A year ago we were under a blanket of snow with temperatures hovering under zero at night and only just above it during the day. A mere twelve months later and we have been almost basking in temperatures that have rarely dropped into single figures—even overnight. I think that we have only had about three harsh frosts since November.
To make up for it we have had rain—lots of it. Not as much as the south of England it has to be said though our coast along Normandy and Brittany has taken a hammering from severe storms. We around here have been reasonably sheltered and although the fields are saturated the Authie which runs through the village has been contained within its banks.
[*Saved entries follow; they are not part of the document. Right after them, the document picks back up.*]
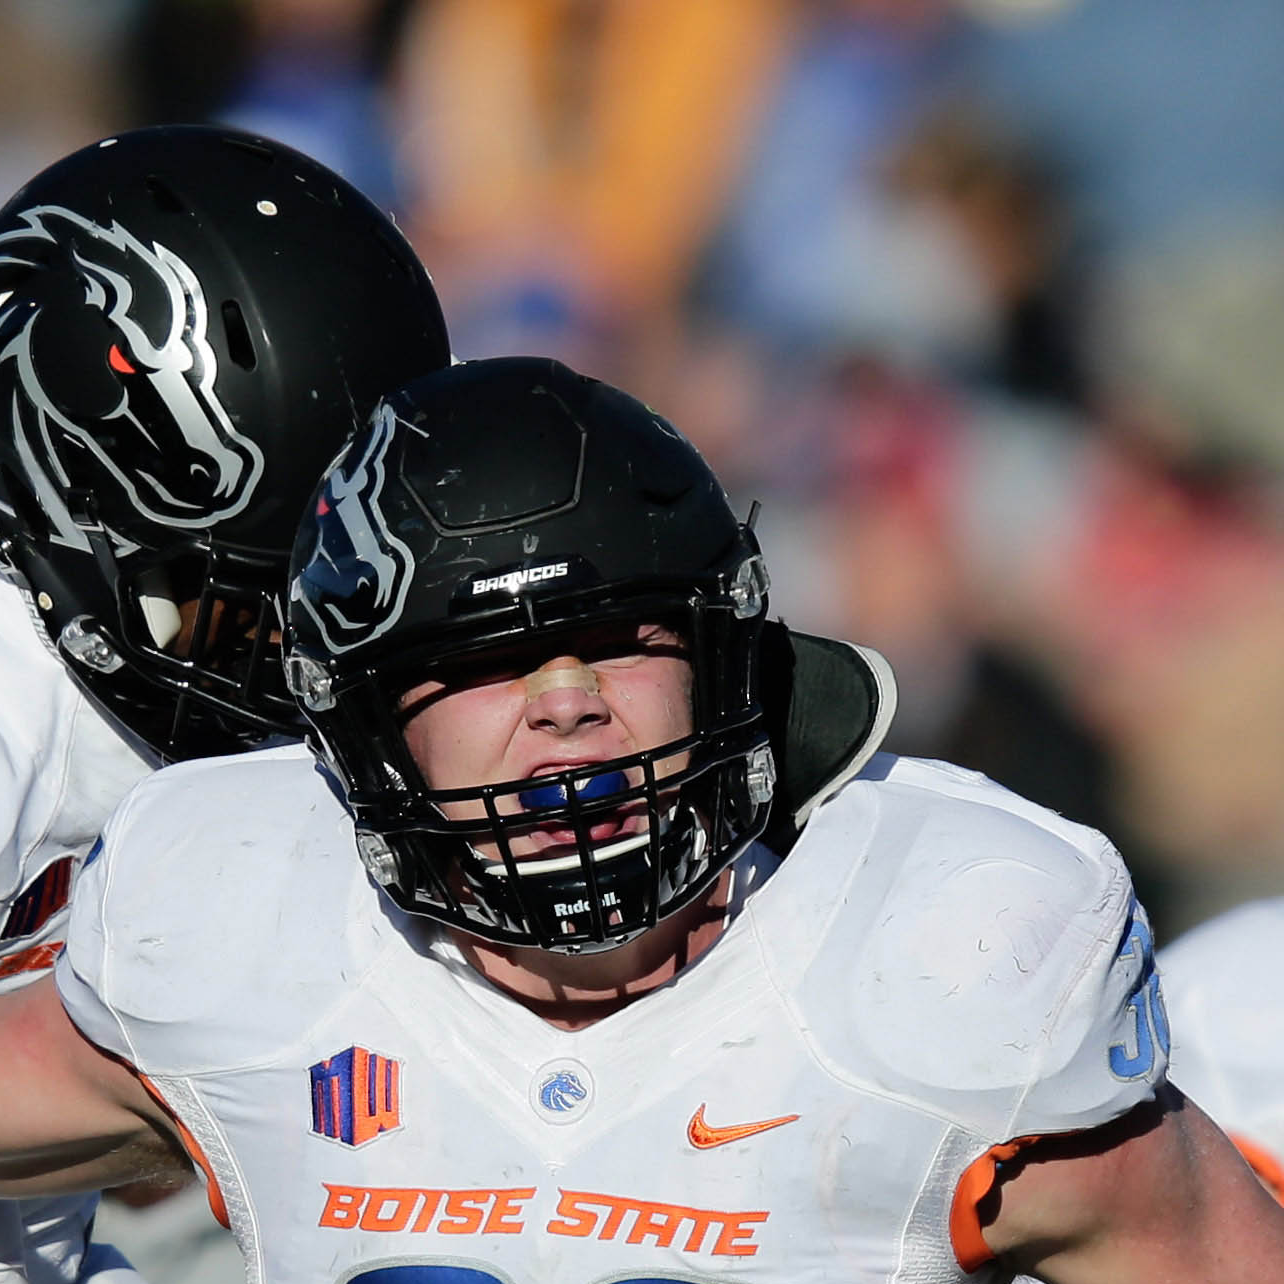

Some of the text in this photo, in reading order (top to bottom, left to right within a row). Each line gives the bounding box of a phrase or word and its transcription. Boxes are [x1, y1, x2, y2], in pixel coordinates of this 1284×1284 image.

[472, 562, 569, 595] BRONCOS
[318, 1183, 770, 1257] BOISE STATE
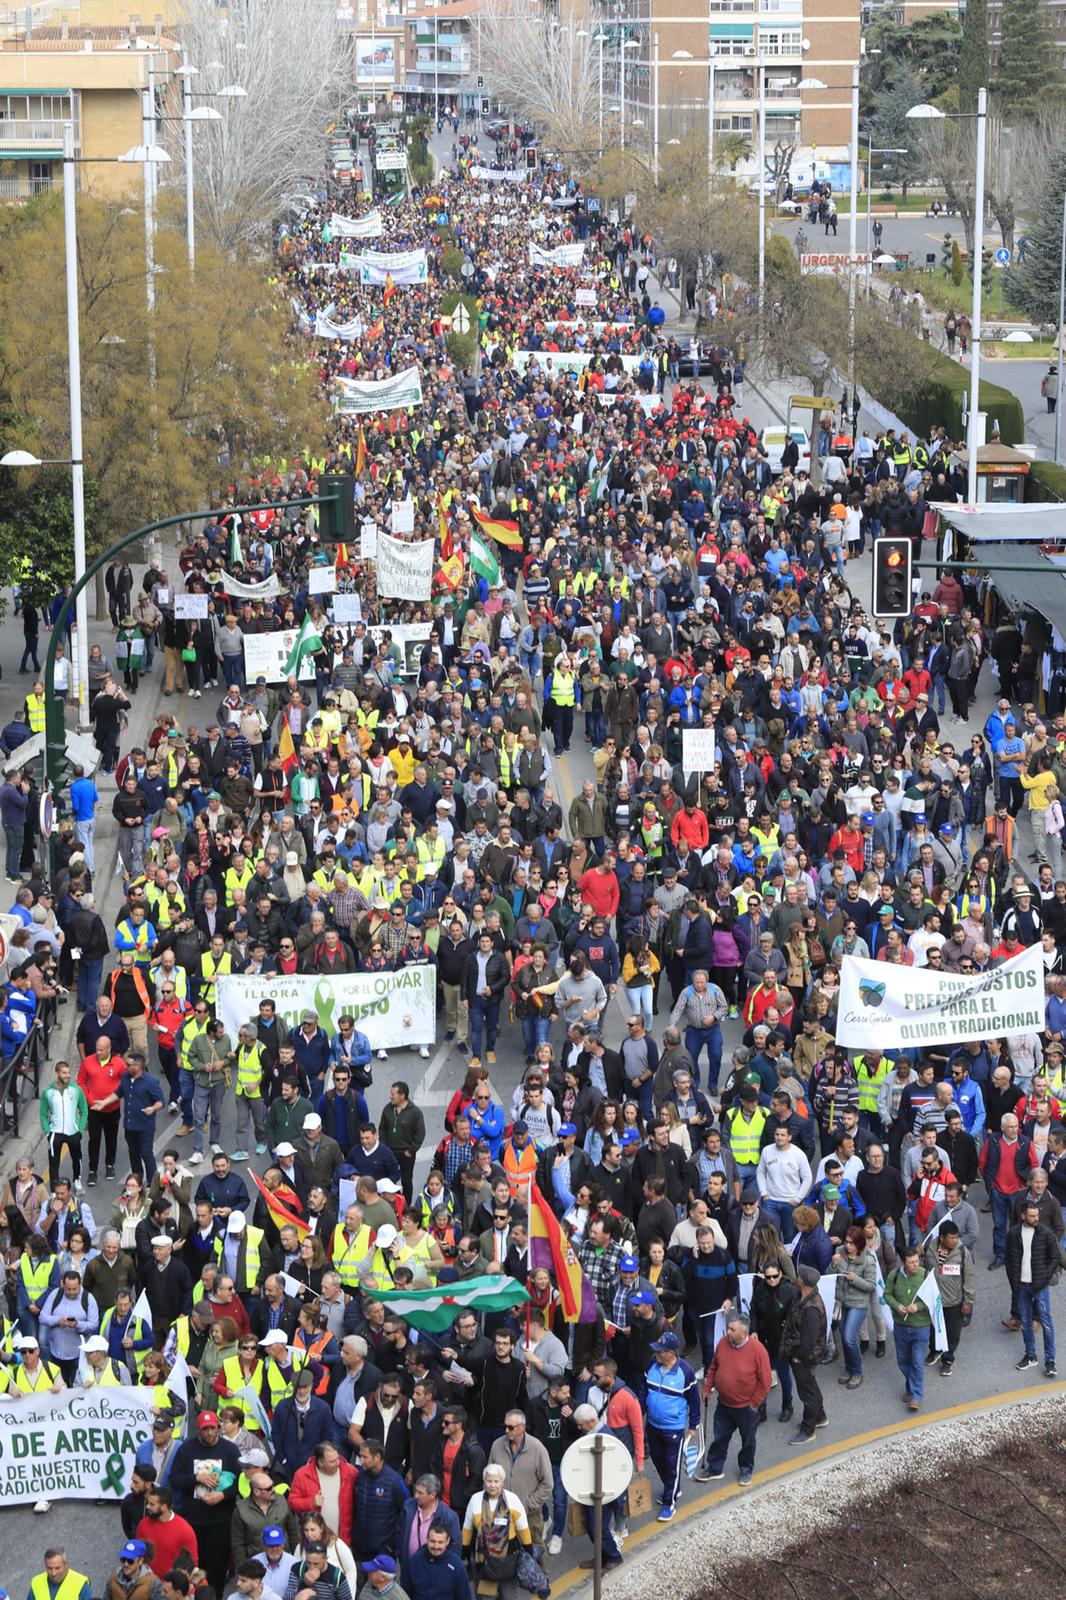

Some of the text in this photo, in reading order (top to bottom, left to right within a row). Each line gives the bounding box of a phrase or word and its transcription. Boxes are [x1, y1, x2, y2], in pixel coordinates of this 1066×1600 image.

[802, 255, 868, 267] URGENCAS
[940, 997, 997, 1017] PARA EL
[900, 1011, 1041, 1039] OLIVAR TRADICIONAL
[11, 1431, 47, 1459] DE
[6, 1458, 100, 1481] DE NUESTRO
That was not the case out towards the coast and one afternoon driving over to see Jean-Jacques at Fort Mahon, I could see that the river near its estuary had broken its banks and was a number of fields wider than it should be.
With that in mind a few days later I drove over again, this time with the camera. A bit disappointed though because much of the excess water had drained away and it was not as spectacular as it had been.
So I continued out to the bay with the intentions of going for a dander. Didn’t get very far. The footpath along the scenic walk to the coast was under a lot of water and although I managed to walk out across the dunes a wee bit, much of them were under water and the marsh was very soggy.
I came in covered in mud and smelling of seaweed.
A few days later we were due an exceptional tide plus a storm, so I went back again at high tide.
Has to be said that it was impressive. Water right up to the car park and one of the floating hides had become un-moored and drifted inland. Looking out to sea it was almost sunny and I was spared the downpour that had been threatened. That was going on behind me further inland.